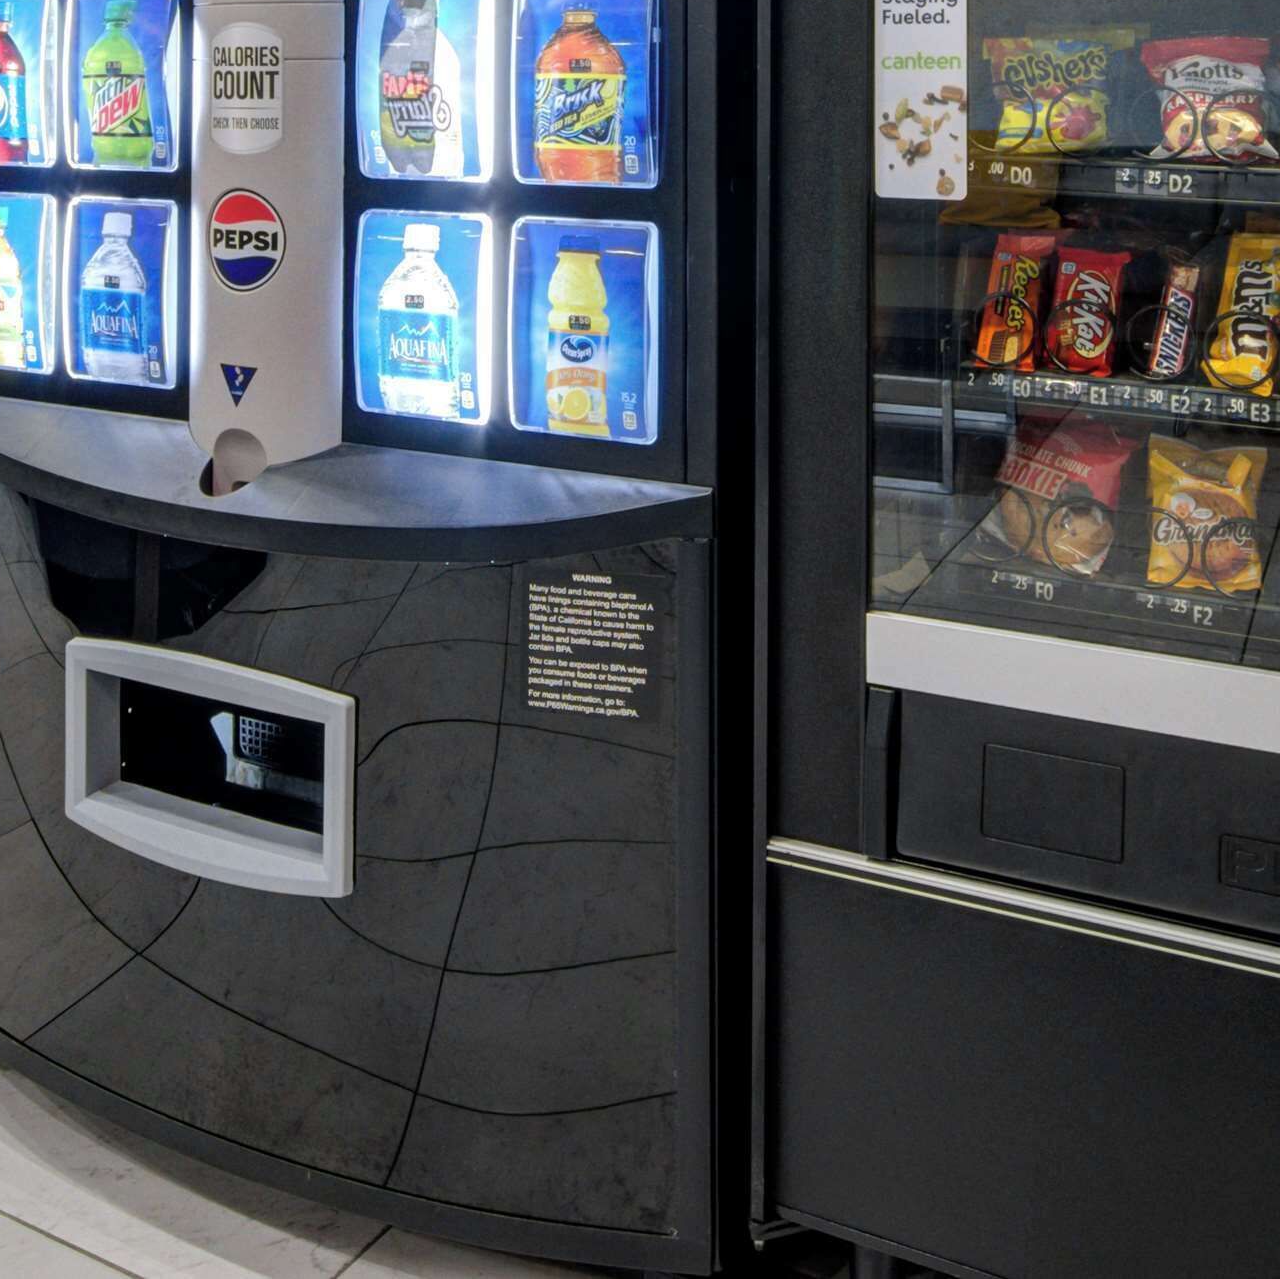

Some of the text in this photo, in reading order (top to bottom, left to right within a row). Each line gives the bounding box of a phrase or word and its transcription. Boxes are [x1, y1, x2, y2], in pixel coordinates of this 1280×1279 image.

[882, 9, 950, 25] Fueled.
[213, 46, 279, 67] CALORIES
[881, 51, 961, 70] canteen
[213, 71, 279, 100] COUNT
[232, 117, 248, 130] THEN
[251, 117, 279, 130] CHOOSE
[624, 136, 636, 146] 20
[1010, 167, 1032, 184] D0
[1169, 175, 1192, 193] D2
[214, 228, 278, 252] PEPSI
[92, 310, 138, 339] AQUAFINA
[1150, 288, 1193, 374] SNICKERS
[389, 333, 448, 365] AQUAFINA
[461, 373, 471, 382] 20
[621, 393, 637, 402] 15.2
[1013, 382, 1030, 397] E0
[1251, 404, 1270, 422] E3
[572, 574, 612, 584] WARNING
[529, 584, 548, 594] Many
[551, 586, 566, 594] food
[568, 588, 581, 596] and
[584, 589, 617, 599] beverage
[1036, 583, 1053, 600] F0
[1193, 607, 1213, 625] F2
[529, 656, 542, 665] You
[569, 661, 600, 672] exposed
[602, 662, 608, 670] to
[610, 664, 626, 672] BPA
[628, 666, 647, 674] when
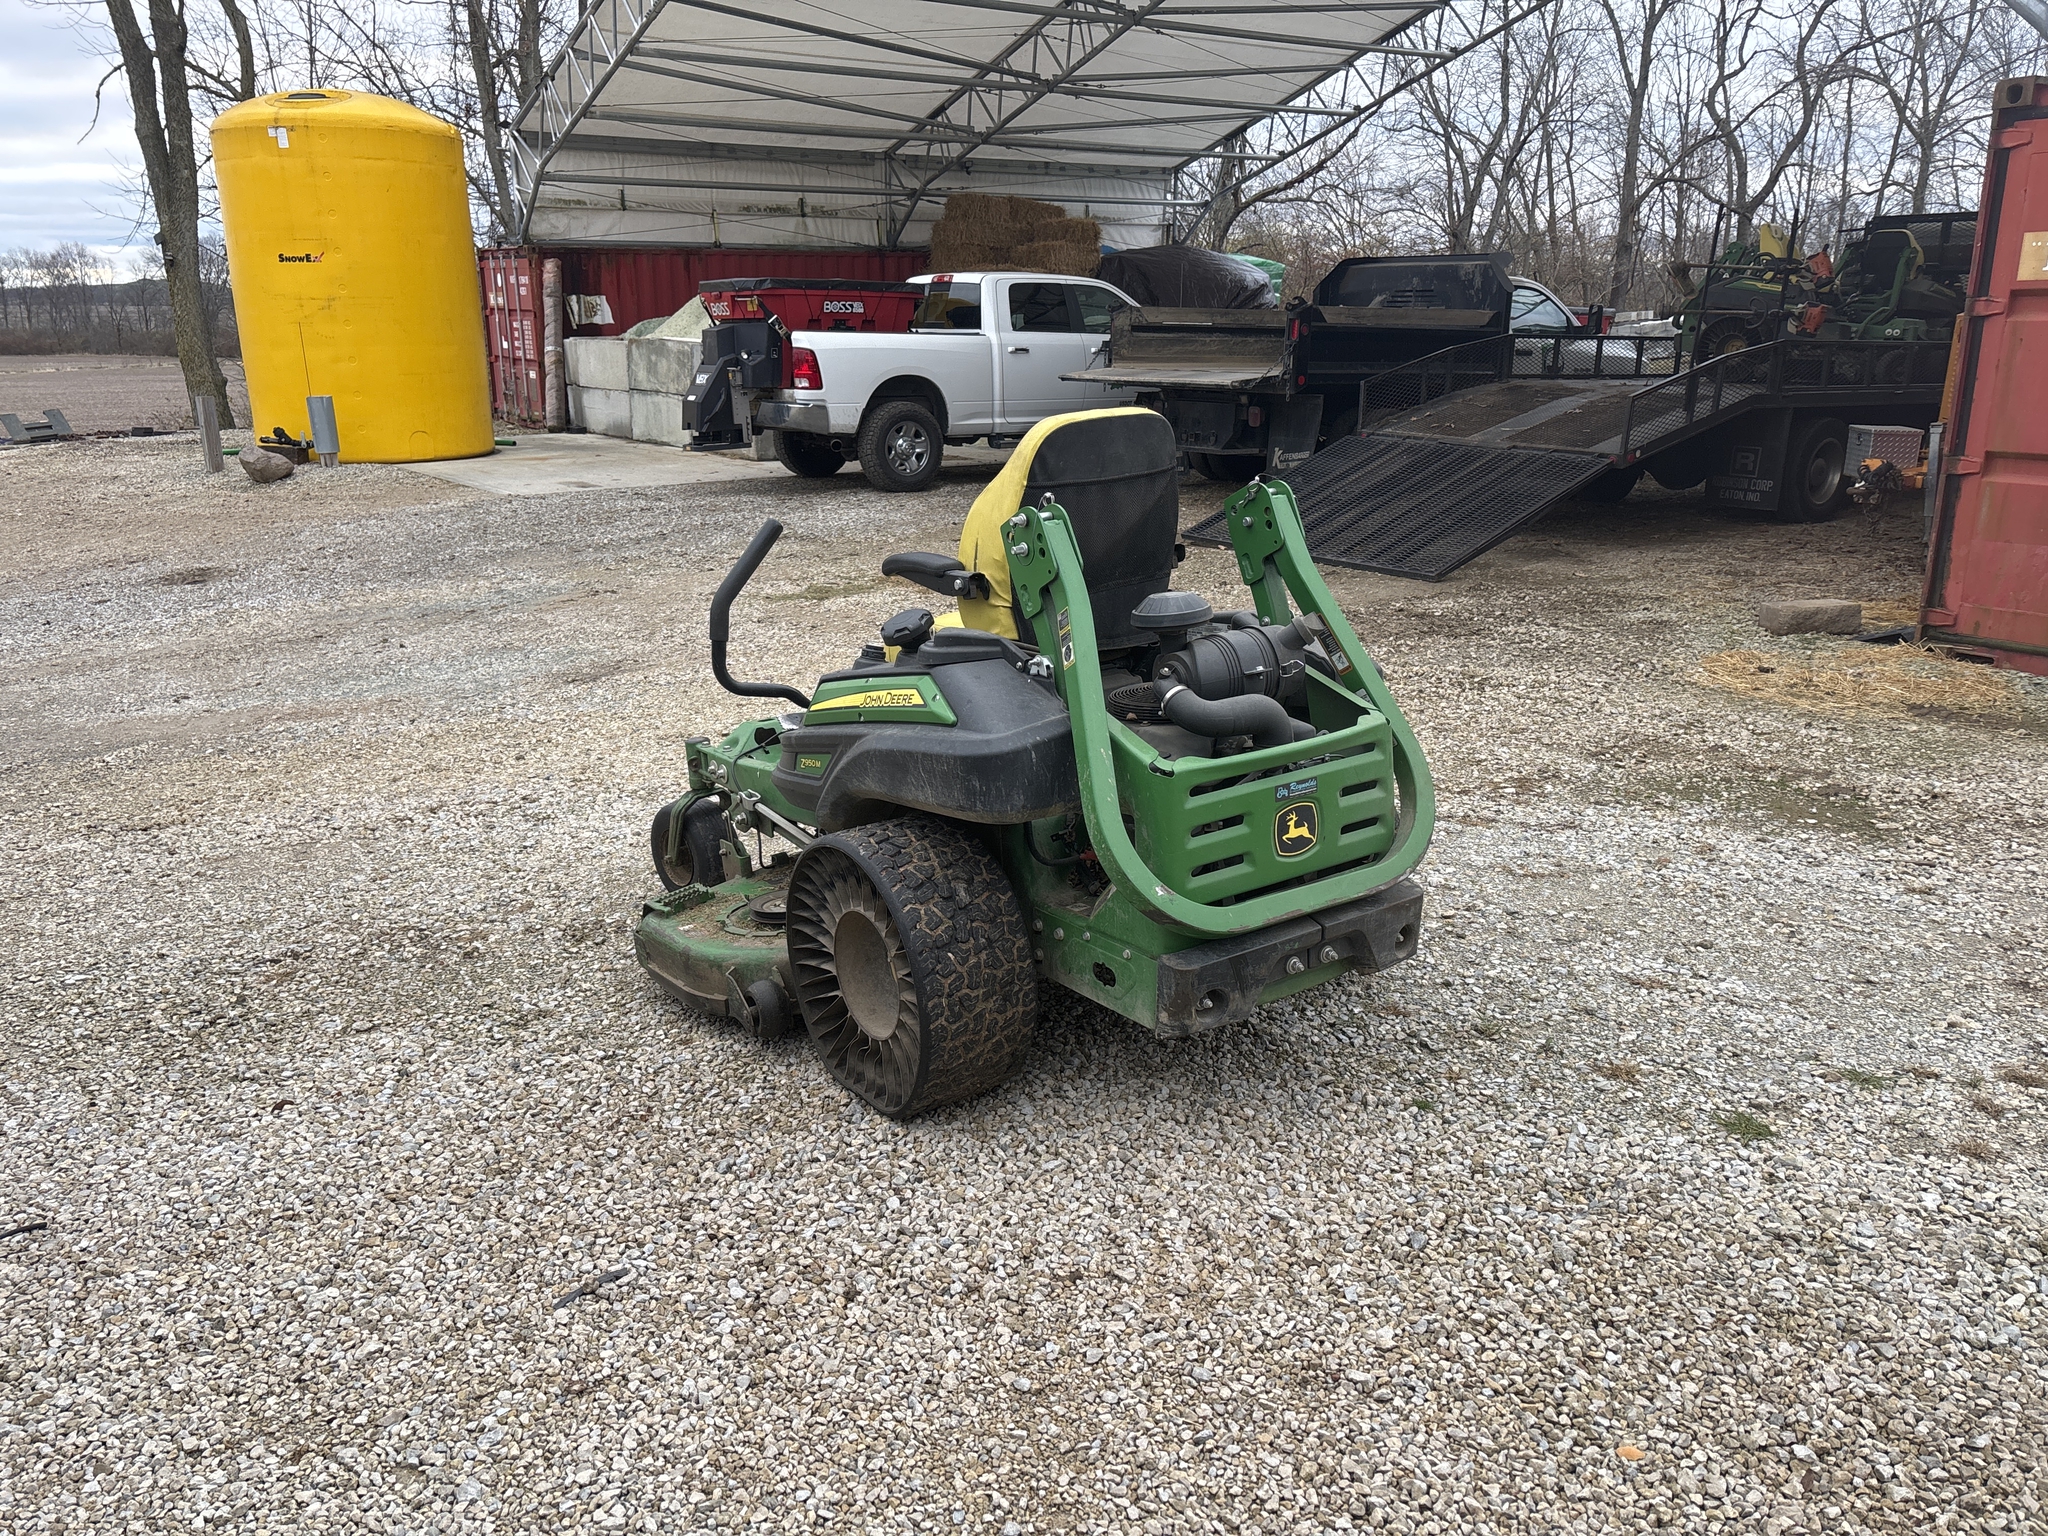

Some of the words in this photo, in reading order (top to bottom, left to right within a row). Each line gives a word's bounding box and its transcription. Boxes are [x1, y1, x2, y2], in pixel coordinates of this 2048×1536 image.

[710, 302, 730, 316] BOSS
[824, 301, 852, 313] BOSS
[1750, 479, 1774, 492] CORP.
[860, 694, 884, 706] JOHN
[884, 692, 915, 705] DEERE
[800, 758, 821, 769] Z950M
=-=-=-=-=
▸ Activity
Restate every line of the listing exactly. Pictures are not part of the copy.

▸ Response for this exercise
Some of the text in this photo, in reading order (top to bottom, left to right within a row). Each line gives the bounding box of a phrase or word and its transcription. Boxes are [x1, y1, x2, y2], in pixel coordinates of this 1280×1279 image.

[882, 9, 950, 25] Fueled.
[213, 46, 279, 67] CALORIES
[881, 51, 961, 70] canteen
[213, 71, 279, 100] COUNT
[232, 117, 248, 130] THEN
[251, 117, 279, 130] CHOOSE
[624, 136, 636, 146] 20
[1010, 167, 1032, 184] D0
[1169, 175, 1192, 193] D2
[214, 228, 278, 252] PEPSI
[92, 310, 138, 339] AQUAFINA
[1150, 288, 1193, 374] SNICKERS
[389, 333, 448, 365] AQUAFINA
[461, 373, 471, 382] 20
[621, 393, 637, 402] 15.2
[1013, 382, 1030, 397] E0
[1251, 404, 1270, 422] E3
[572, 574, 612, 584] WARNING
[529, 584, 548, 594] Many
[551, 586, 566, 594] food
[568, 588, 581, 596] and
[584, 589, 617, 599] beverage
[1036, 583, 1053, 600] F0
[1193, 607, 1213, 625] F2
[529, 656, 542, 665] You
[569, 661, 600, 672] exposed
[602, 662, 608, 670] to
[610, 664, 626, 672] BPA
[628, 666, 647, 674] when

Some of the words in this photo, in reading order (top to bottom, left to right within a row). Each line gives a word's bounding box and its transcription. Boxes are [x1, y1, x2, y2], in pixel coordinates of this 2048×1536 image.

[710, 302, 730, 316] BOSS
[824, 301, 852, 313] BOSS
[1750, 479, 1774, 492] CORP.
[860, 694, 884, 706] JOHN
[884, 692, 915, 705] DEERE
[800, 758, 821, 769] Z950M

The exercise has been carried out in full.